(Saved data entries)
Segment Open

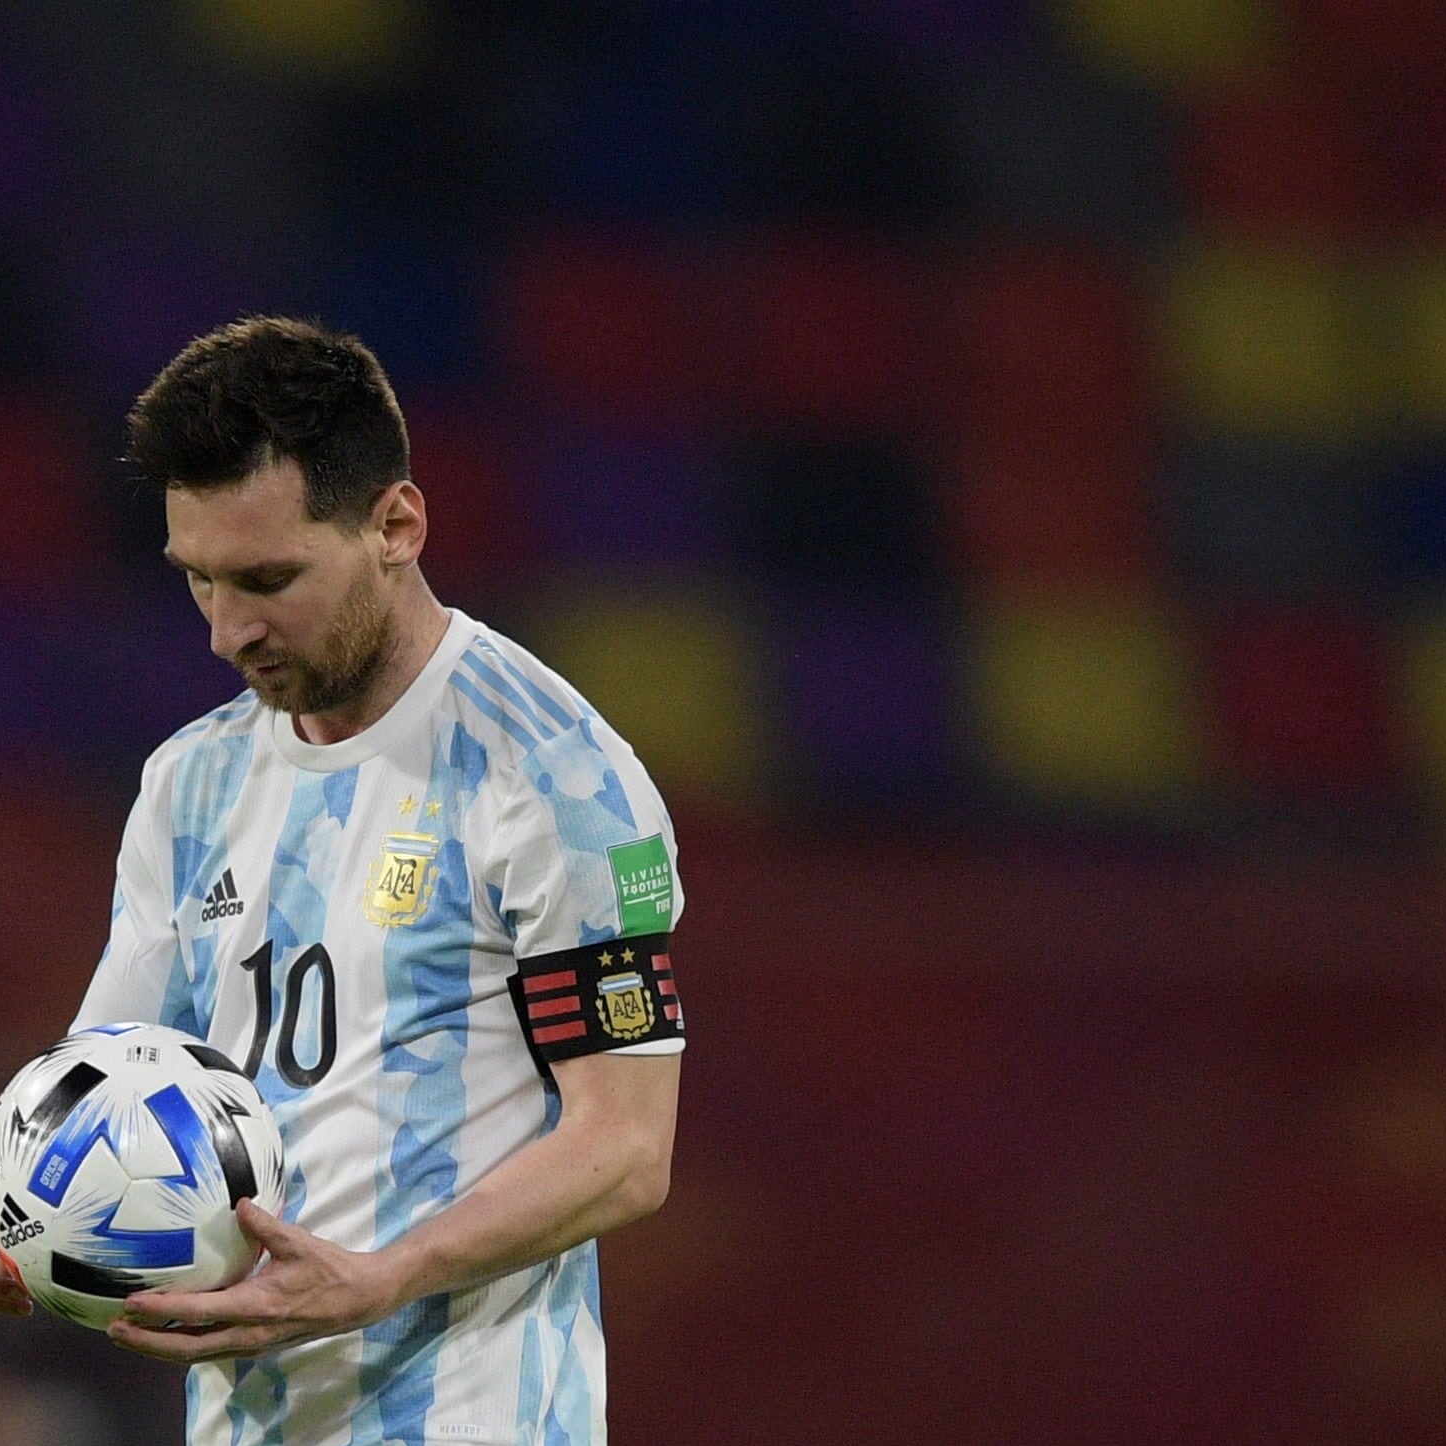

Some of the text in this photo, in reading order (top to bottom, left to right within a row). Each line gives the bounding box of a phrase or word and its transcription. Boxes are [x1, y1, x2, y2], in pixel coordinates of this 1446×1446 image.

[378, 855, 417, 902] AFA
[620, 862, 669, 886] LIVING
[622, 874, 670, 897] FOOTBALL
[201, 899, 244, 922] adidas
[240, 938, 337, 1090] 10
[613, 990, 642, 1019] AFA
[0, 1219, 45, 1249] adidas

Segment Closed

Can the entries above be repeated exactly, without their pictures?

# Response for this exercise
Some of the text in this photo, in reading order (top to bottom, left to right within a row). Each line gives the bounding box of a phrase or word and its transcription. Boxes are [x1, y1, x2, y2], in pixel coordinates of this 1446×1446 image.

[378, 855, 417, 902] AFA
[620, 862, 669, 886] LIVING
[622, 874, 670, 897] FOOTBALL
[201, 899, 244, 922] adidas
[240, 938, 337, 1090] 10
[613, 990, 642, 1019] AFA
[0, 1219, 45, 1249] adidas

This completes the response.